Il y avait à ce singulier changement divers motifs : d’abord les succès des armes anglaises dans le Kaboul et l’Afghanistan devenaient menaçans pour l’émir ; puis ce dernier voulait faire sentir sa munificence après avoir fait peser sa tyrannie ; enfin il avait conçu l’espoir de s’attacher, comme l’avait fait Rundjet-Singh, un de ces Européens, « Frandgis ou Feringhis, » si puissans dans les arts et la diplomatie, si habiles à organiser une armée, et qui semblent amener partout le succès avec eux.

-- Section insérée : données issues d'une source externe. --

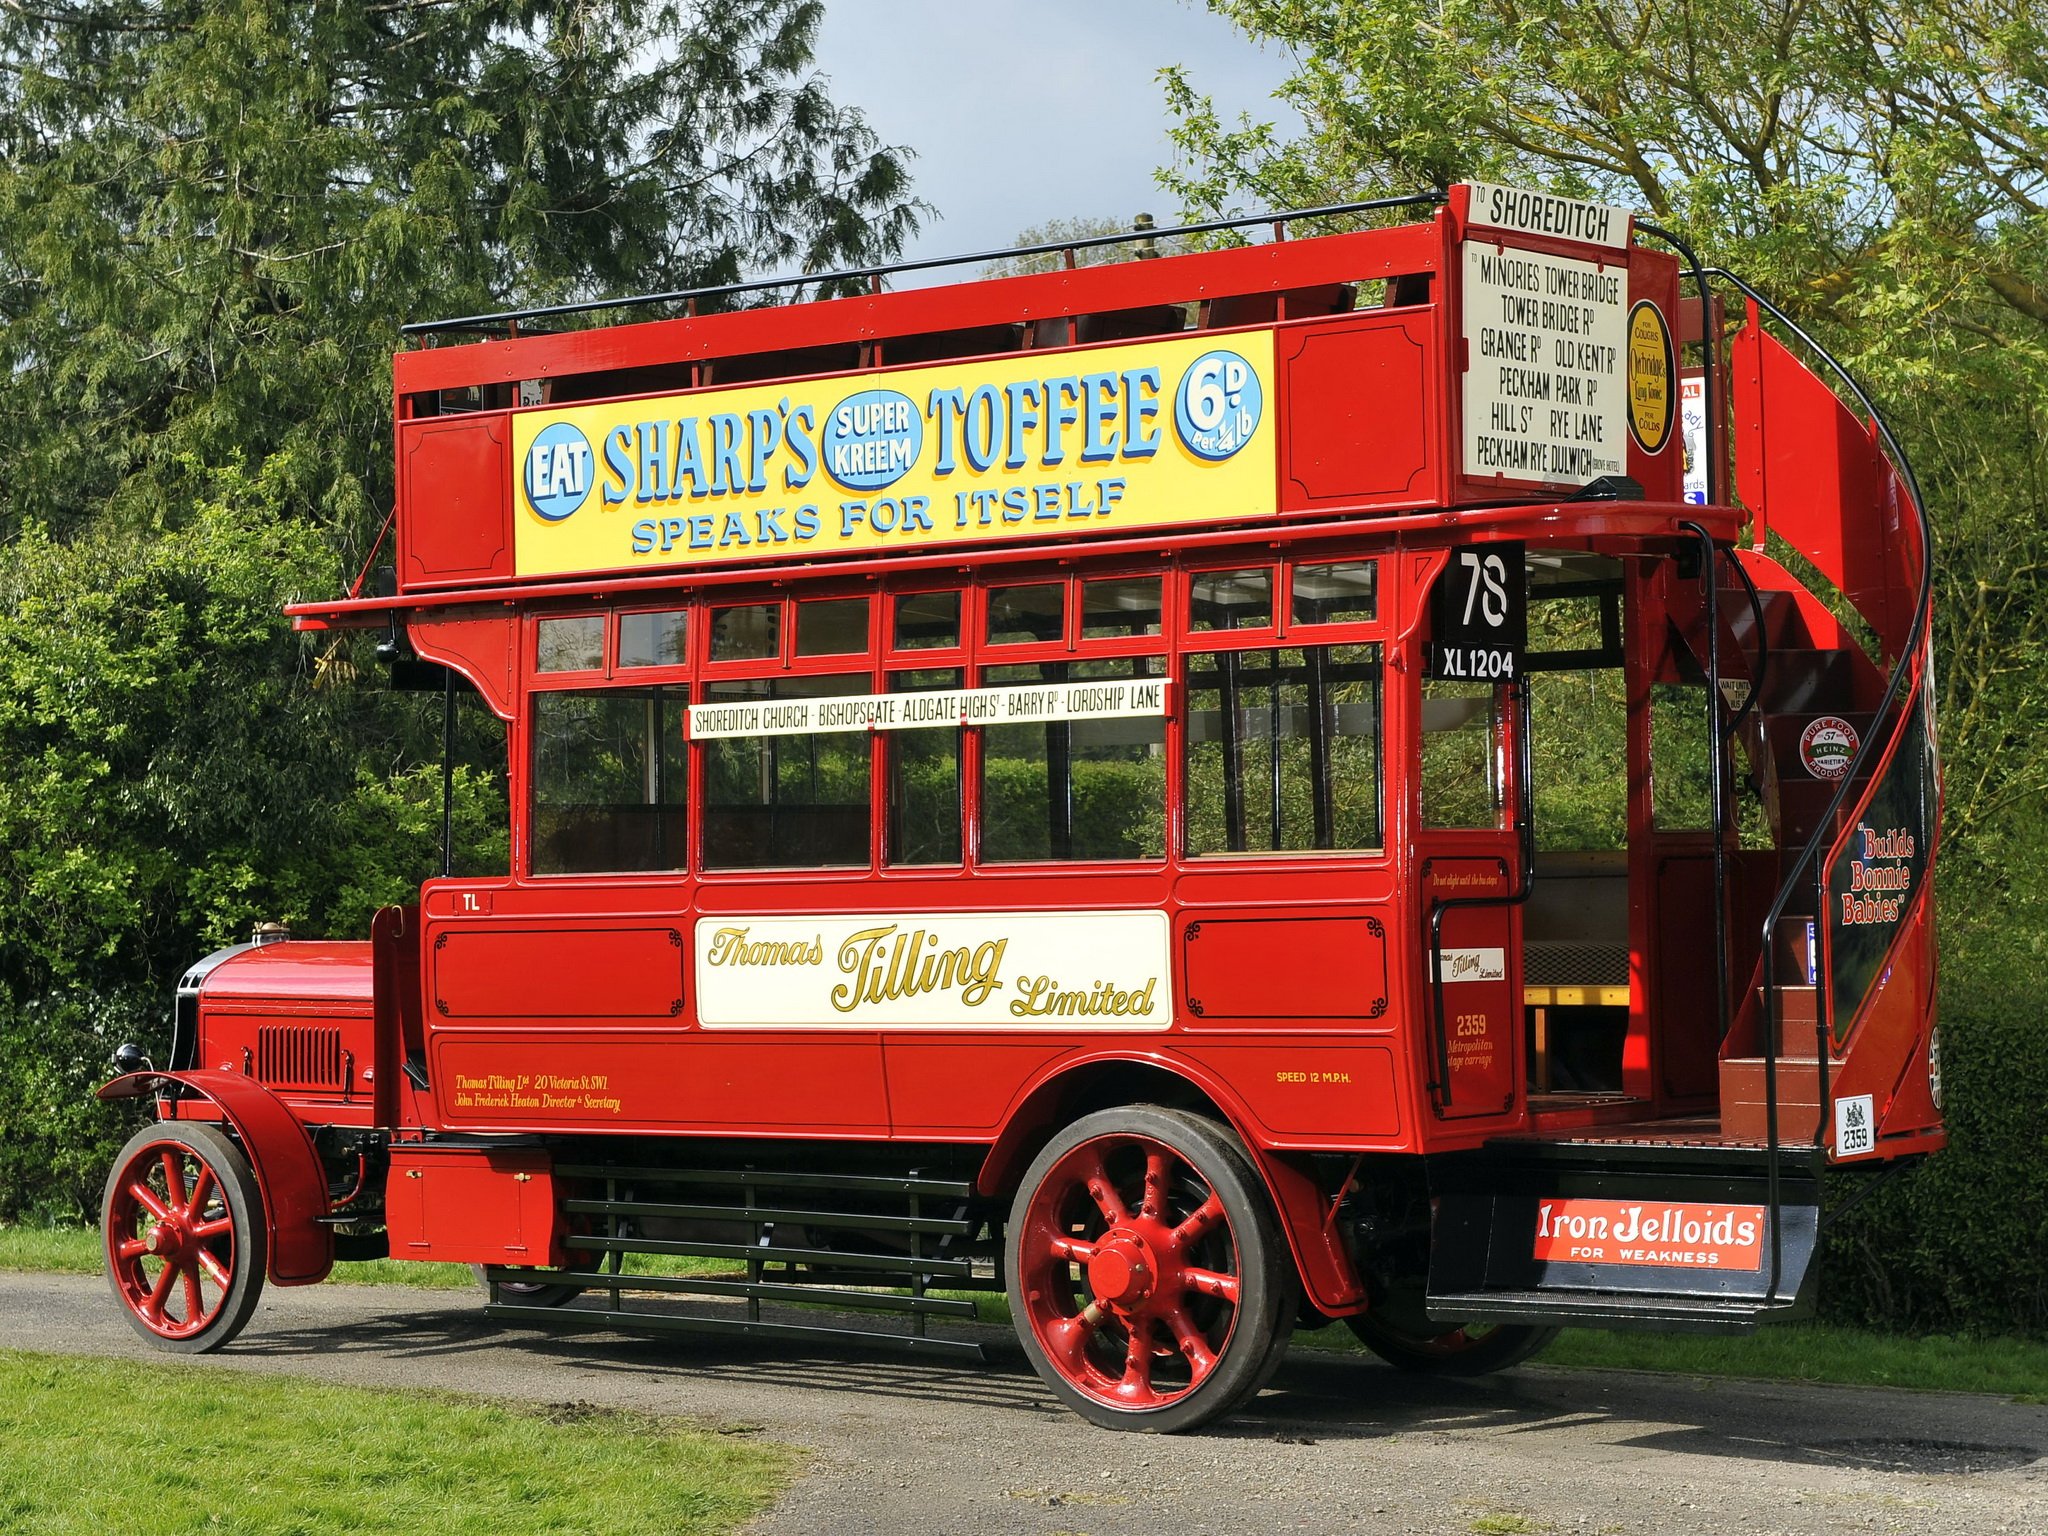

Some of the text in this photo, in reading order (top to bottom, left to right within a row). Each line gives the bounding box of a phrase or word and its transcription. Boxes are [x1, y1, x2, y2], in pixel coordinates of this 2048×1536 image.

[1476, 186, 1610, 242] TO SHOREDITCH
[1480, 254, 1540, 293] MINORIES
[1544, 266, 1580, 298] TOWER
[1582, 272, 1619, 306] BRIDGE
[1501, 294, 1539, 328] TOWER
[1542, 302, 1580, 334] BRIDGE
[1480, 327, 1527, 362] GRANGE
[1555, 339, 1575, 368] OLD
[1577, 343, 1606, 373] KENT
[1634, 326, 1659, 342] COUGHS
[1500, 366, 1550, 401] PECKHAM
[1556, 375, 1582, 405] PARK
[836, 400, 910, 438] SUPER
[1491, 402, 1517, 433] HILL
[1550, 409, 1569, 439] RYE
[1574, 413, 1603, 443] LANE
[1638, 418, 1660, 432] COLDS
[603, 365, 1162, 508] SHARP'S TOFFEE
[530, 440, 588, 499] EAT
[834, 436, 912, 478] KREEM
[1477, 436, 1527, 470] PECKHAM
[1530, 443, 1548, 473] RYE
[1551, 445, 1592, 478] DULWICH
[632, 477, 1126, 554] SPEAKS FOR ITSELF
[1460, 552, 1508, 628] 78
[1442, 647, 1514, 678] XL 1204
[695, 708, 758, 732] SHOREDITCH
[763, 704, 808, 729] CHURCH
[818, 700, 896, 726] BISHOPSGATE
[902, 696, 956, 722] ALDGATE
[960, 694, 987, 720] HIGH
[1008, 692, 1043, 716] BARRY
[1067, 686, 1125, 712] LORDSHIP
[1130, 684, 1160, 710] LANE
[1735, 690, 1746, 699] THE
[1806, 720, 1854, 742] PURE FOOD
[1824, 732, 1836, 740] 57
[1816, 746, 1846, 754] HEINZ
[1850, 859, 1910, 892] Bonnie
[462, 893, 480, 910] TL
[708, 923, 1158, 1017] Thomas Tilling Limited
[1452, 953, 1480, 978] Tilling
[1479, 968, 1503, 979] Limited
[1456, 1014, 1486, 1036] 2359
[1276, 1072, 1352, 1083] SPEED 12 M.P.H.
[1464, 1054, 1492, 1070] carriage
[456, 1074, 487, 1090] Thomas
[488, 1075, 515, 1092] Tilling
[534, 1074, 548, 1090] 20
[549, 1076, 580, 1090] Victoria
[455, 1092, 473, 1107] John
[474, 1092, 509, 1108] Frederick
[510, 1093, 540, 1108] Heaton
[542, 1094, 576, 1108] Director
[584, 1094, 621, 1114] Secretary
[1844, 1128, 1868, 1150] 2359
[1538, 1203, 1608, 1240] Iron
[1570, 1246, 1720, 1264] FOR WEAKNESS

Caressé et fêté à Bokhara, bien que son retour au christianisme l’exposât quelquefois aux avanies de la populace, le colonel, logé dans le palais, captif dans les murs de la ville, fut soumis tour à tour à la surveillance d’un noble ou naïb avide d’argent nommé Abd-Oul-Samet-Khan, et du maître-d’hôtel de la maison royale, qui s’appelait Abdoul-Halyk. Stoddart tomba malade d’une fièvre typhoïde ; le khan lui envoya son propre médecin, qui lui sauva la vie. Sur le point de faire partir une ambassade qui se rendait près du tsar, Nassr-Oullah offrit au colonel d’accompagner cette ambassade jusqu’à Saint-Pétersbourg, et de se charger d’une mission particulière. Une fois à Orembourg, et parvenu à la frontière de Russie, il dépendait du colonel de se mettre sous la protection des Russes et d’échapper pour toujours à Nassr-Oullah. Stoddart refusa ; « son gouvernement, disait-il, ne lui avait pas encore intimé l’ordre de quitter Bokhara. » Jamais le sentiment du devoir militaire ne fut poussé jusqu’à un scrupule plus étonnant. Stoddart devait penser que les distances, la guerre flagrante, l’état politique de l’Asie centrale, rendaient les communications presque impossibles ; la dépêche attendue pouvait ne jamais venir, et cette obstination renouvelait les soupçons conçus contre son espionnage. En effet, les colères du barbare se réveillèrent après le refus de Stoddart ; à deux reprises, on le conduisit dans une prison, moins dure que la première, et d’où on le tira bientôt. Il ne se laissa pas épouvanter. C’était un soldat qui restait à son poste sous les balles ; la sentinelle, n’étant pas relevée, ne bougeait pas.

Lorsque reparaissaient les ombrages de Nassr-Oullah, le naïb qui surveillait Stoddart recevait l’ordre de l’empoisonner ; l’Anglais marchandait sa vie, et ne réussissait à la conserver qu’en flattant la cupidité du naïb et lui faisant espérer une grosse rançon. D’autres fois, l’émir, revenant à des sentimens meilleurs, lui faisait porter du tabac et des pelisses, essayait de le capter, et le priait de réparer le tain de ses glaces, de lui fabriquer un thermomètre et « des chandelles brûlant sans fumée. » Stoddart aurait pu tirer grand parti de ces dispositions s’il avait eu autant d’adresse que de hardiesse et de piété.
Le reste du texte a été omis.